• **The task**
Transcribe every entry exactly, leaving out any pictures.
*** Opening Information given ***
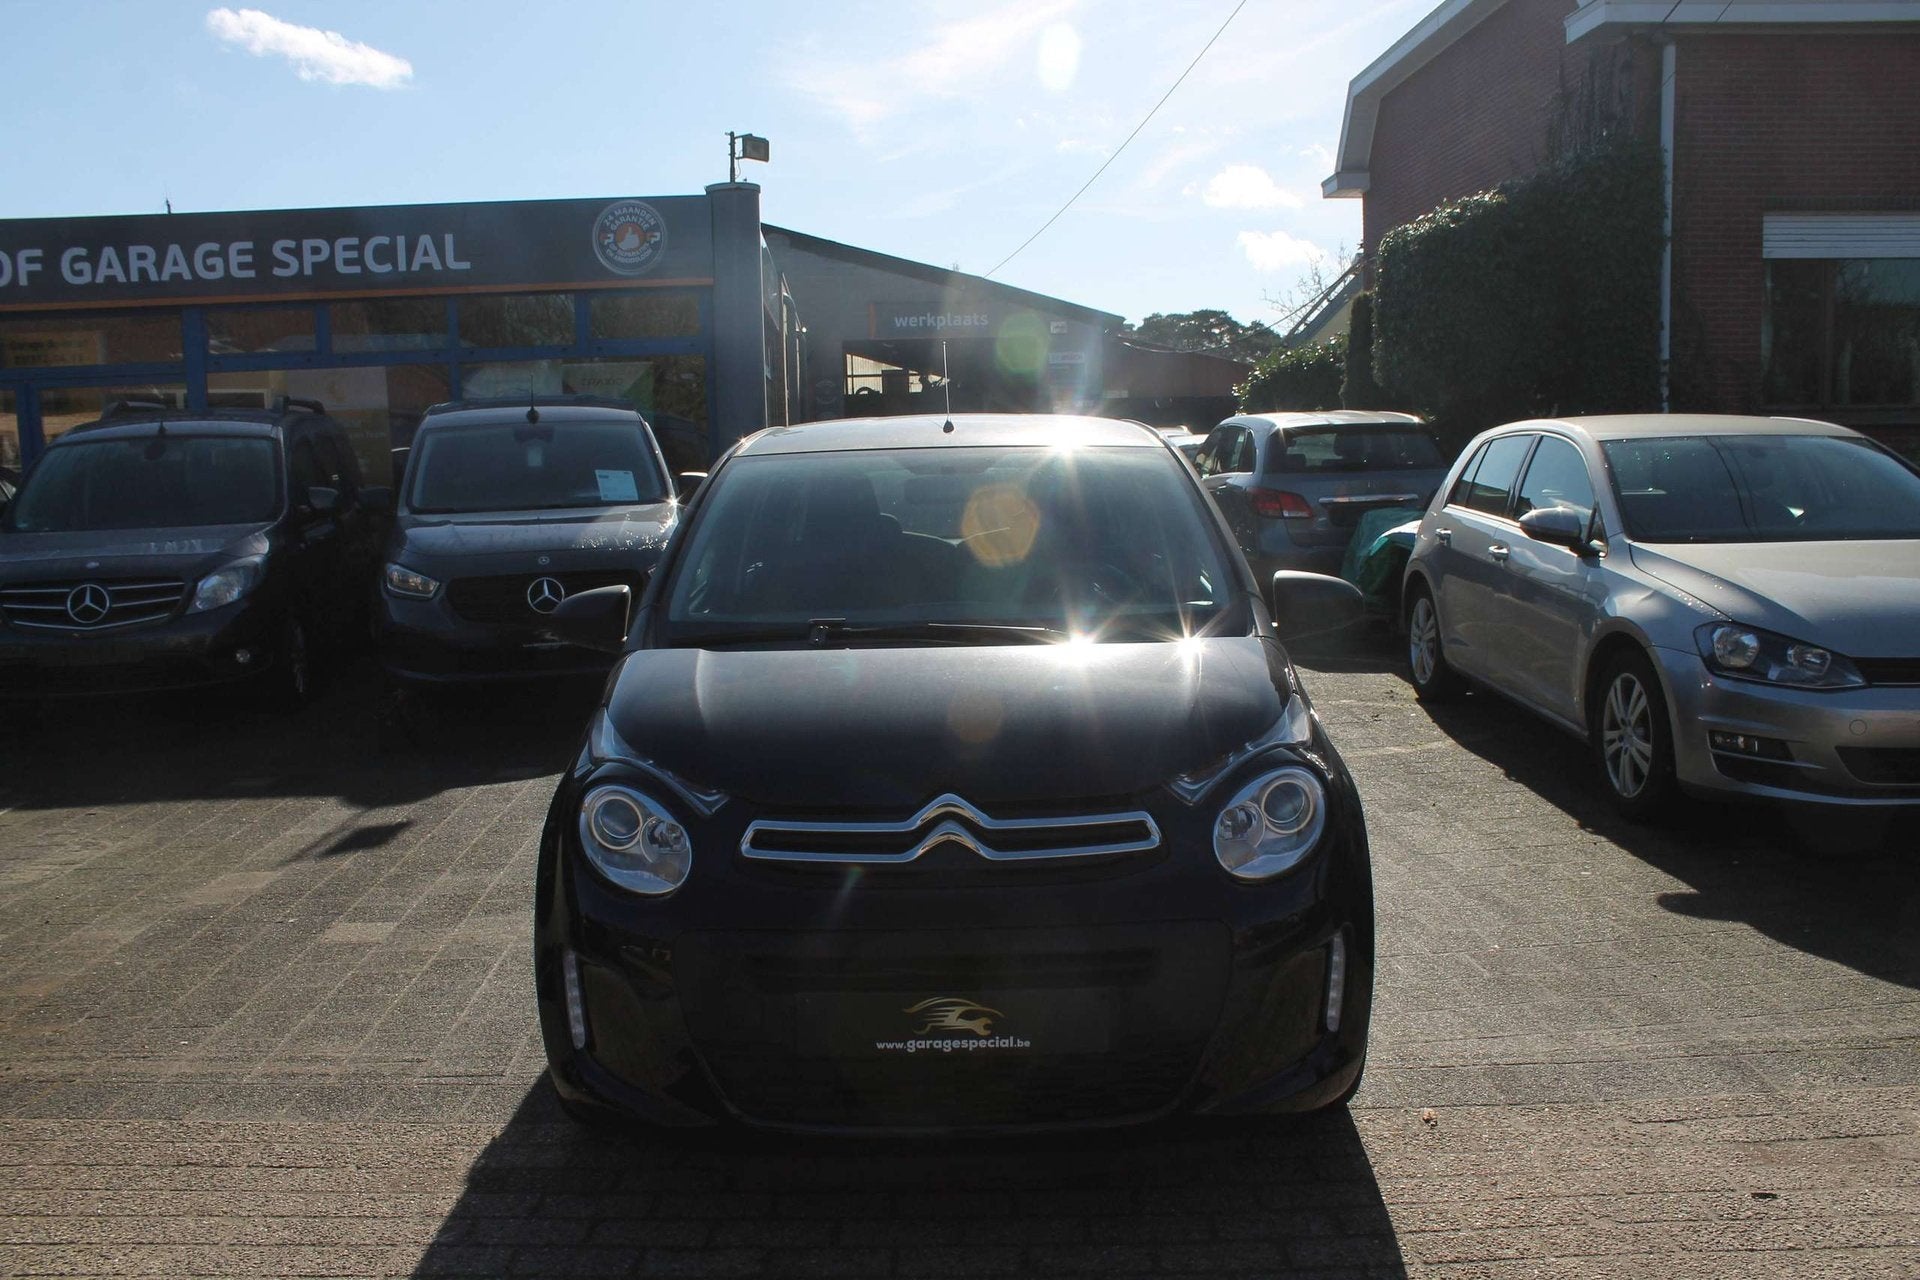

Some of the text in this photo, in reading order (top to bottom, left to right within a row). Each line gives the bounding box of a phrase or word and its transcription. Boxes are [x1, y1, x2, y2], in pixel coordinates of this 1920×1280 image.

[611, 215, 650, 231] GARANTIE
[614, 207, 656, 226] MAANDEN
[61, 242, 256, 286] GARAGE
[271, 233, 471, 277] SPECIAL
[894, 312, 989, 330] werkplaats
[876, 1035, 1031, 1053] www.garagespecial.be
*** Closing Information given ***
• **Response to this exercise**
Some of the text in this photo, in reading order (top to bottom, left to right within a row). Each line gives the bounding box of a phrase or word and its transcription. Boxes are [x1, y1, x2, y2], in pixel coordinates of this 1920×1280 image.

[611, 215, 650, 231] GARANTIE
[614, 207, 656, 226] MAANDEN
[61, 242, 256, 286] GARAGE
[271, 233, 471, 277] SPECIAL
[894, 312, 989, 330] werkplaats
[876, 1035, 1031, 1053] www.garagespecial.be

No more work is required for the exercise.